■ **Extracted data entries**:
%%

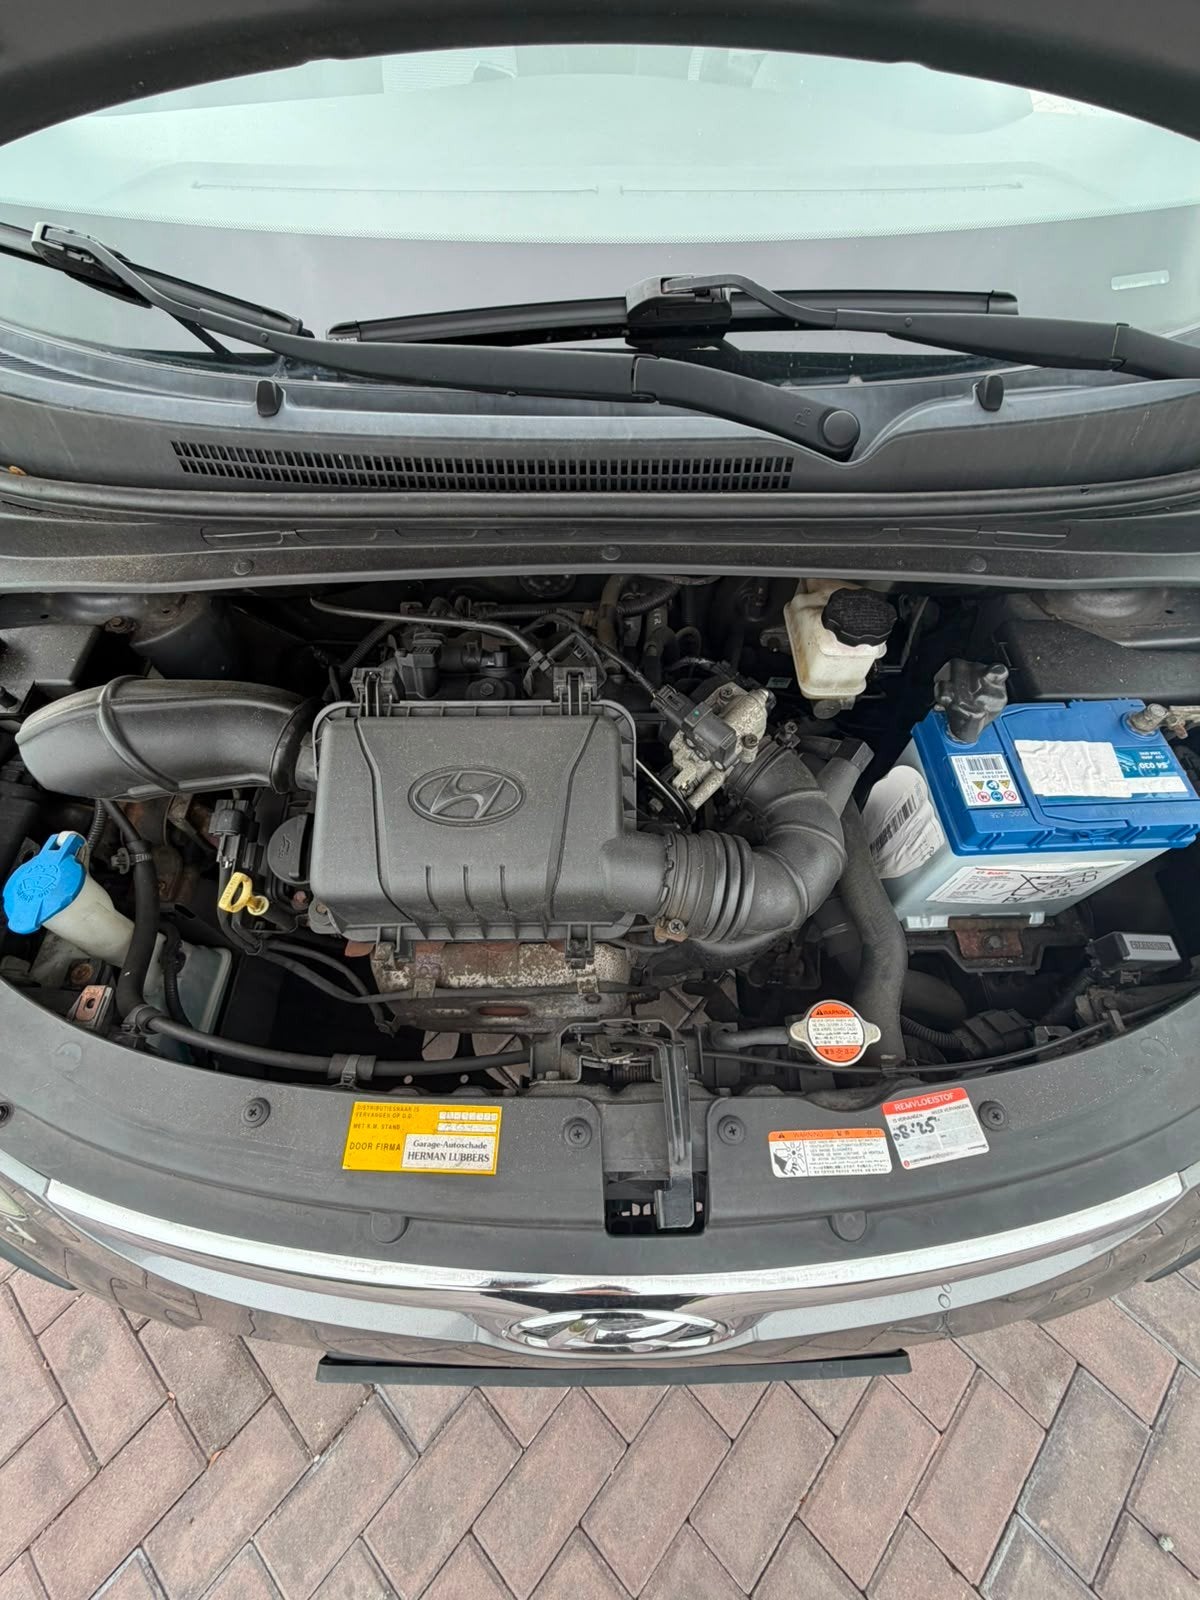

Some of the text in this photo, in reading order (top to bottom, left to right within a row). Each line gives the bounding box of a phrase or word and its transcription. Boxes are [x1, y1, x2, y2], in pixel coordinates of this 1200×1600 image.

[894, 1092, 954, 1112] REMVLOEISTOF
[350, 1142, 401, 1151] DOOR FIRMA
[412, 1140, 488, 1150] Garage-Autoschade
[407, 1151, 490, 1162] HERMAN LUBBERS

%%

■ **TASK BRIEF**: Repeat every record above exactly, but leave out any pictures.

■ **SOLVED PROBLEM**:
Some of the text in this photo, in reading order (top to bottom, left to right within a row). Each line gives the bounding box of a phrase or word and its transcription. Boxes are [x1, y1, x2, y2], in pixel coordinates of this 1200×1600 image.

[894, 1092, 954, 1112] REMVLOEISTOF
[350, 1142, 401, 1151] DOOR FIRMA
[412, 1140, 488, 1150] Garage-Autoschade
[407, 1151, 490, 1162] HERMAN LUBBERS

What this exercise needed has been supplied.